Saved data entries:
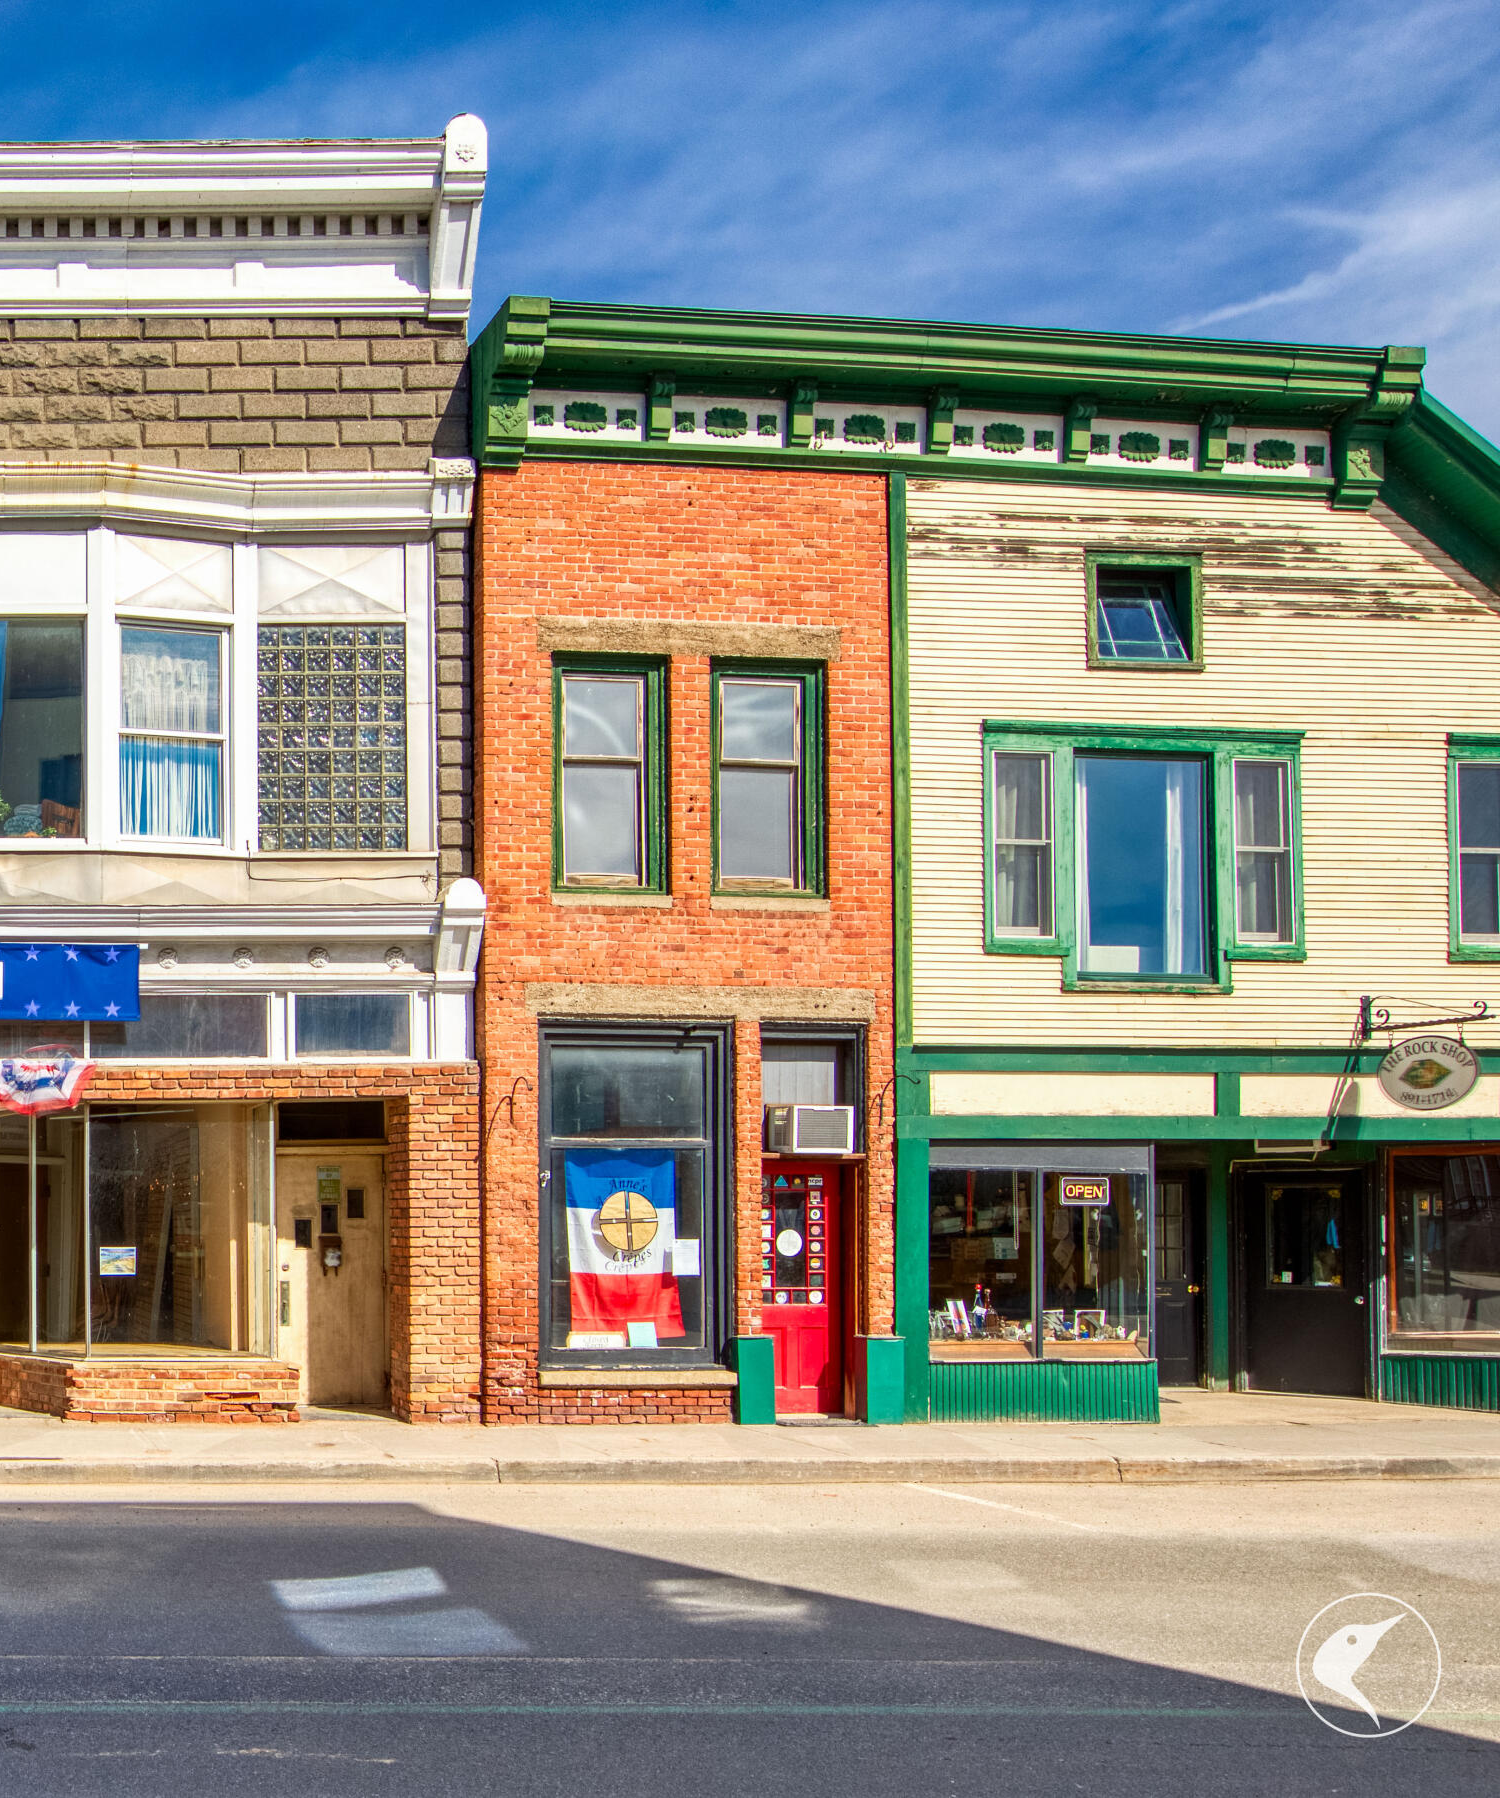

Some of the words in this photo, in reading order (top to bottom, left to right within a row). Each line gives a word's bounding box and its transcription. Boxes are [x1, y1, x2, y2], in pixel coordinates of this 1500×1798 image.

[1380, 1050, 1402, 1072] THE
[1403, 1041, 1439, 1058] ROCK
[1440, 1042, 1476, 1068] SHOP
[610, 1178, 648, 1193] Anne's
[1065, 1184, 1104, 1199] OPEN
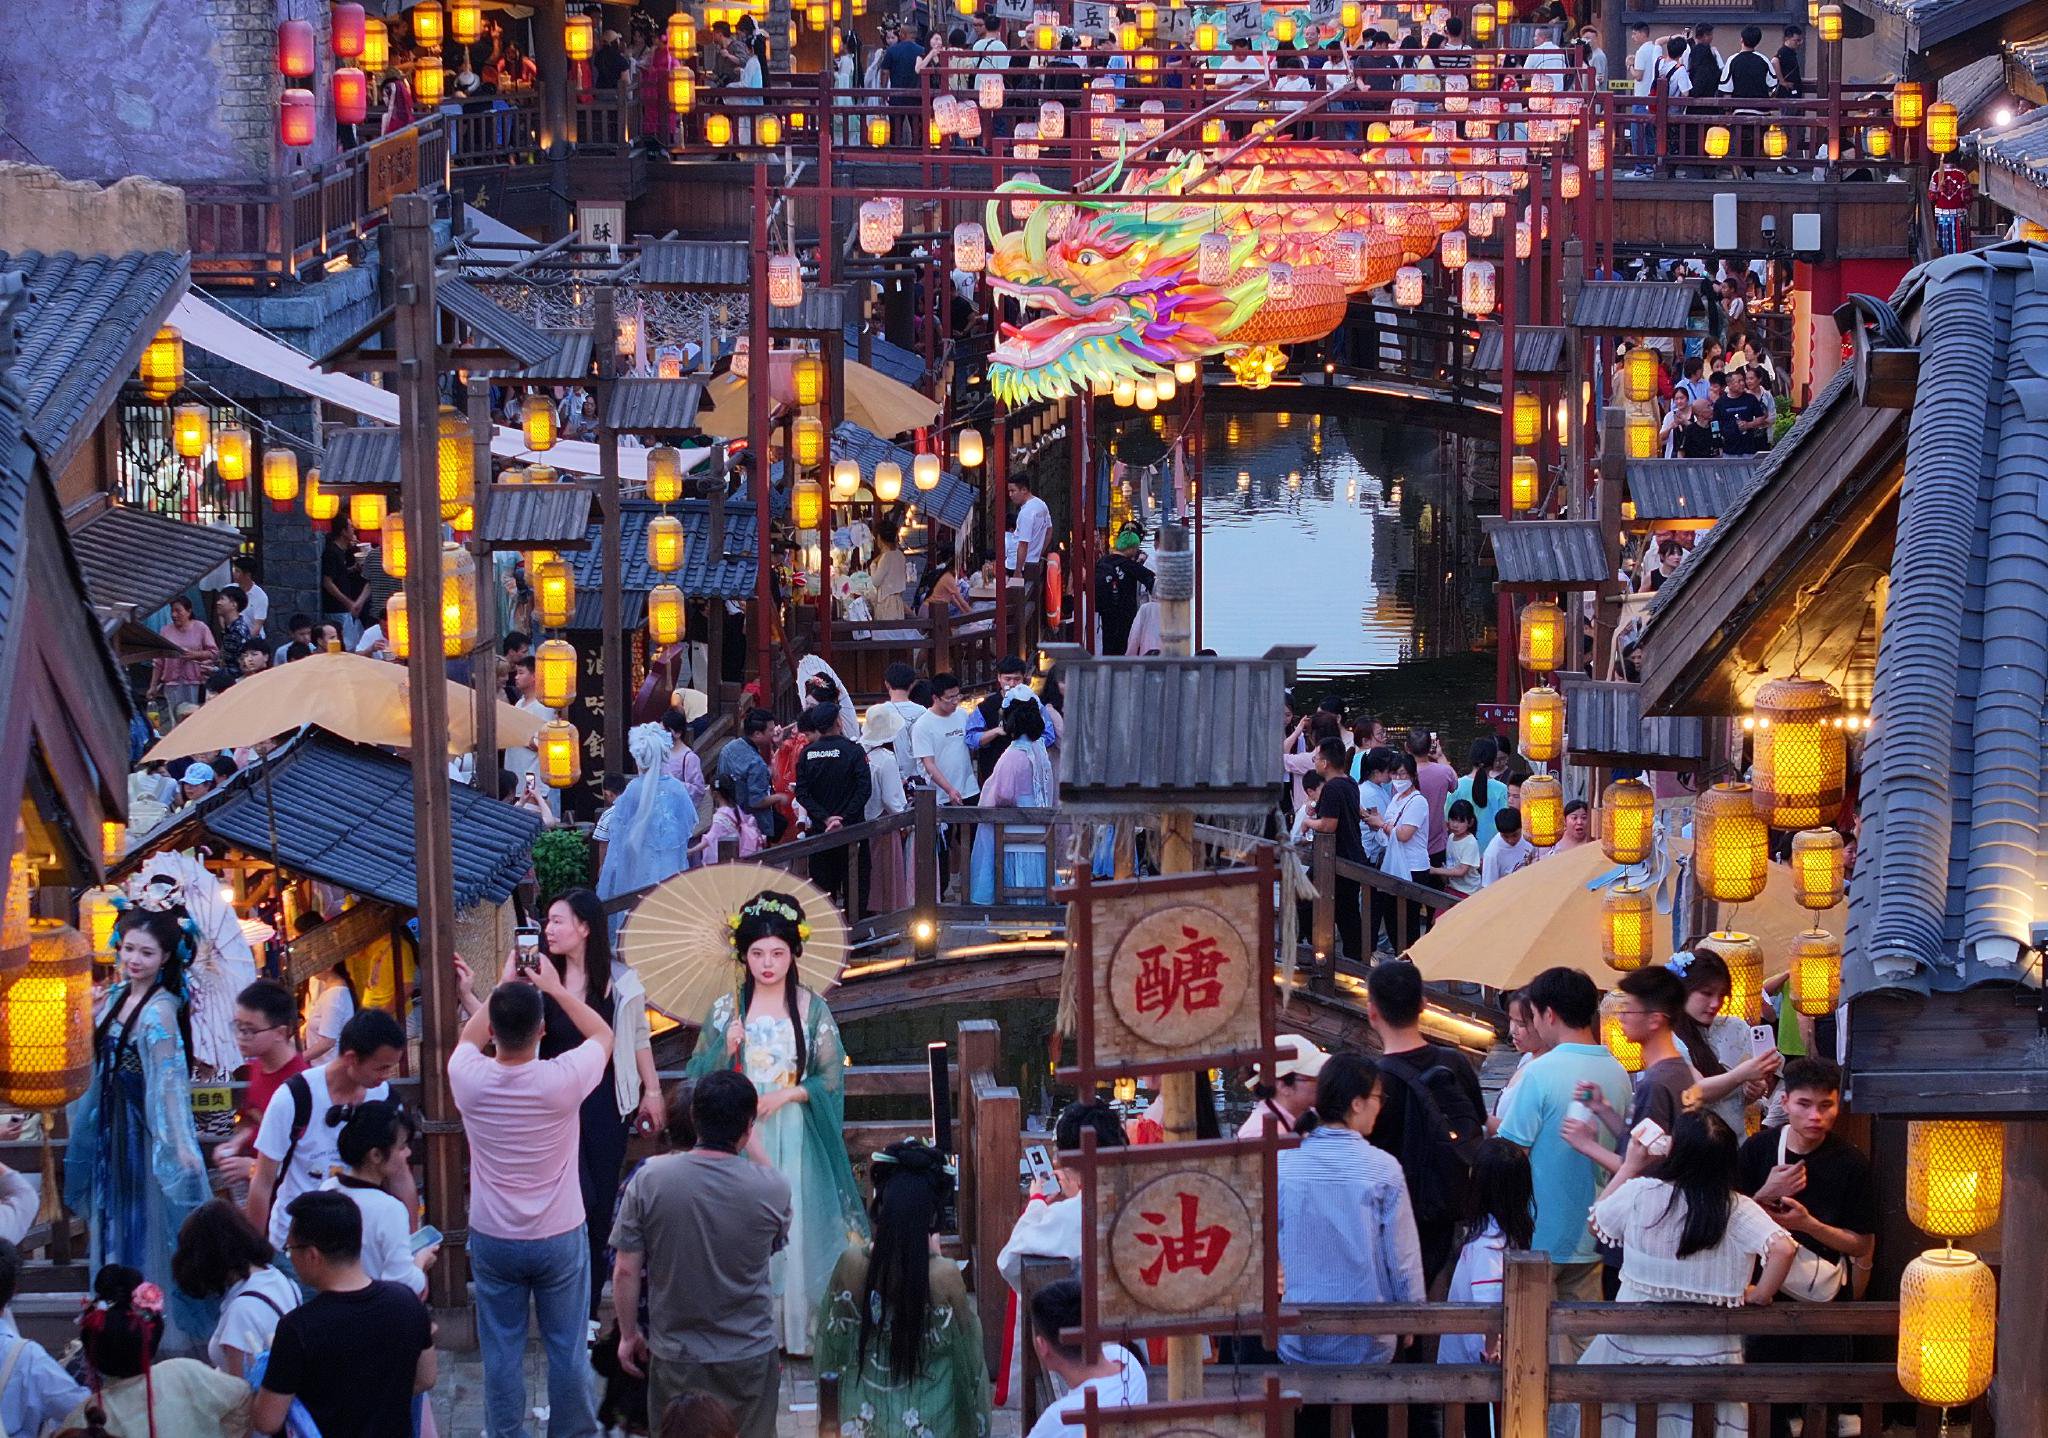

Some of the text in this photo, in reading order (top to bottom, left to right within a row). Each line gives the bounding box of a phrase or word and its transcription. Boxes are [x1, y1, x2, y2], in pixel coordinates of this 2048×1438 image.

[1079, 6, 1104, 29] 岳
[1162, 9, 1184, 33] 小
[1232, 6, 1257, 30] 吃
[1132, 1191, 1232, 1288] 油
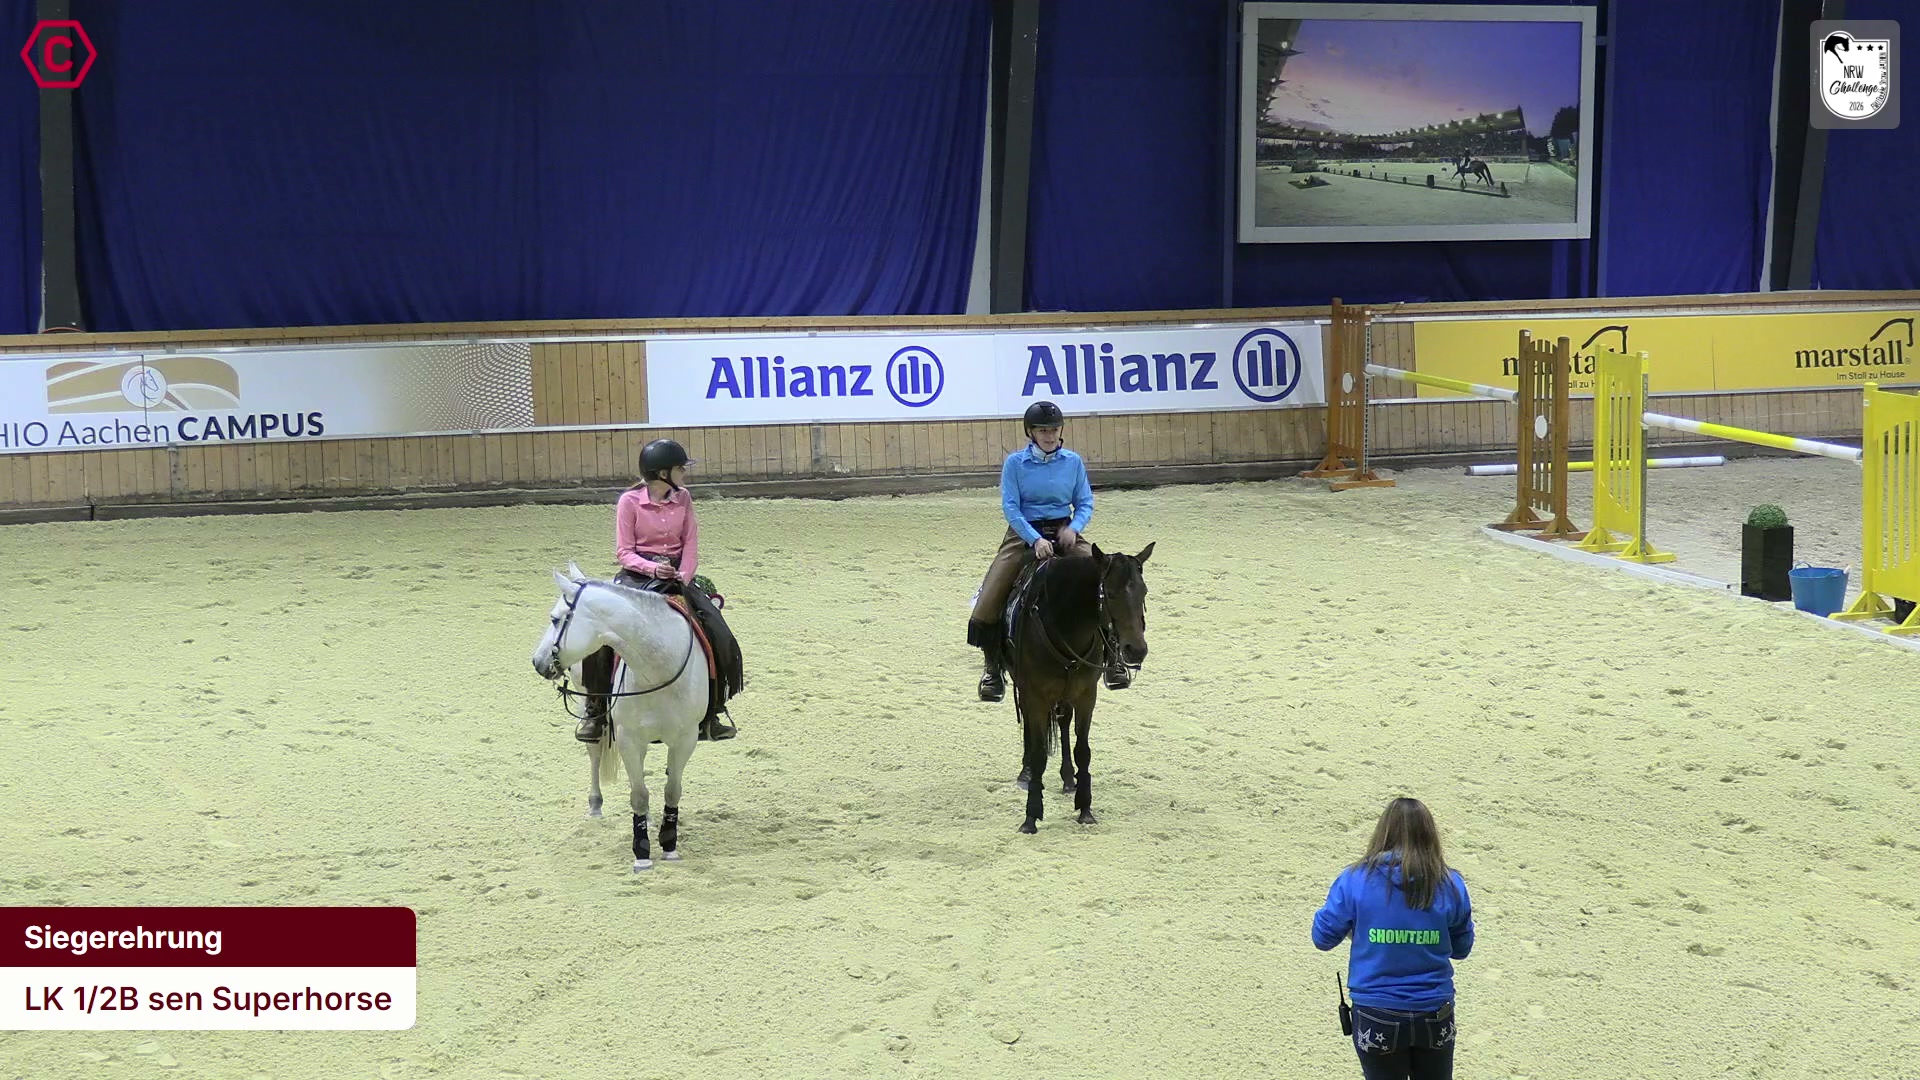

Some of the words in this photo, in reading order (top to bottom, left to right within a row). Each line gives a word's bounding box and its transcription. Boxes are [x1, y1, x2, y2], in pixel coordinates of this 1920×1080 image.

[1022, 343, 1219, 396] Allianz
[1795, 339, 1904, 369] marstall
[706, 356, 874, 399] Allianz
[1836, 372, 1847, 381] Im
[1848, 371, 1867, 380] Stall
[1880, 370, 1905, 379] Hause
[57, 418, 170, 446] Aachen
[177, 411, 324, 442] CAMPUS
[1368, 928, 1440, 945] SHOWTEAM

> Problem description
Pictures stay out; the entries above are to be output exactly as given.

> Exercise response
Some of the words in this photo, in reading order (top to bottom, left to right within a row). Each line gives a word's bounding box and its transcription. Boxes are [x1, y1, x2, y2], in pixel coordinates of this 1500×1798 image.

[1380, 1050, 1402, 1072] THE
[1403, 1041, 1439, 1058] ROCK
[1440, 1042, 1476, 1068] SHOP
[610, 1178, 648, 1193] Anne's
[1065, 1184, 1104, 1199] OPEN

Some of the text in this photo, in reading order (top to bottom, left to right within a row). Each line gives the bounding box of a phrase or word and its transcription. Boxes are [x1, y1, x2, y2], in pixel coordinates of this 2048×1438 image.

[1079, 6, 1104, 29] 岳
[1162, 9, 1184, 33] 小
[1232, 6, 1257, 30] 吃
[1132, 1191, 1232, 1288] 油

Some of the words in this photo, in reading order (top to bottom, left to right within a row). Each line gives a word's bounding box and its transcription. Boxes are [x1, y1, x2, y2], in pixel coordinates of this 1920×1080 image.

[1022, 343, 1219, 396] Allianz
[1795, 339, 1904, 369] marstall
[706, 356, 874, 399] Allianz
[1836, 372, 1847, 381] Im
[1848, 371, 1867, 380] Stall
[1880, 370, 1905, 379] Hause
[57, 418, 170, 446] Aachen
[177, 411, 324, 442] CAMPUS
[1368, 928, 1440, 945] SHOWTEAM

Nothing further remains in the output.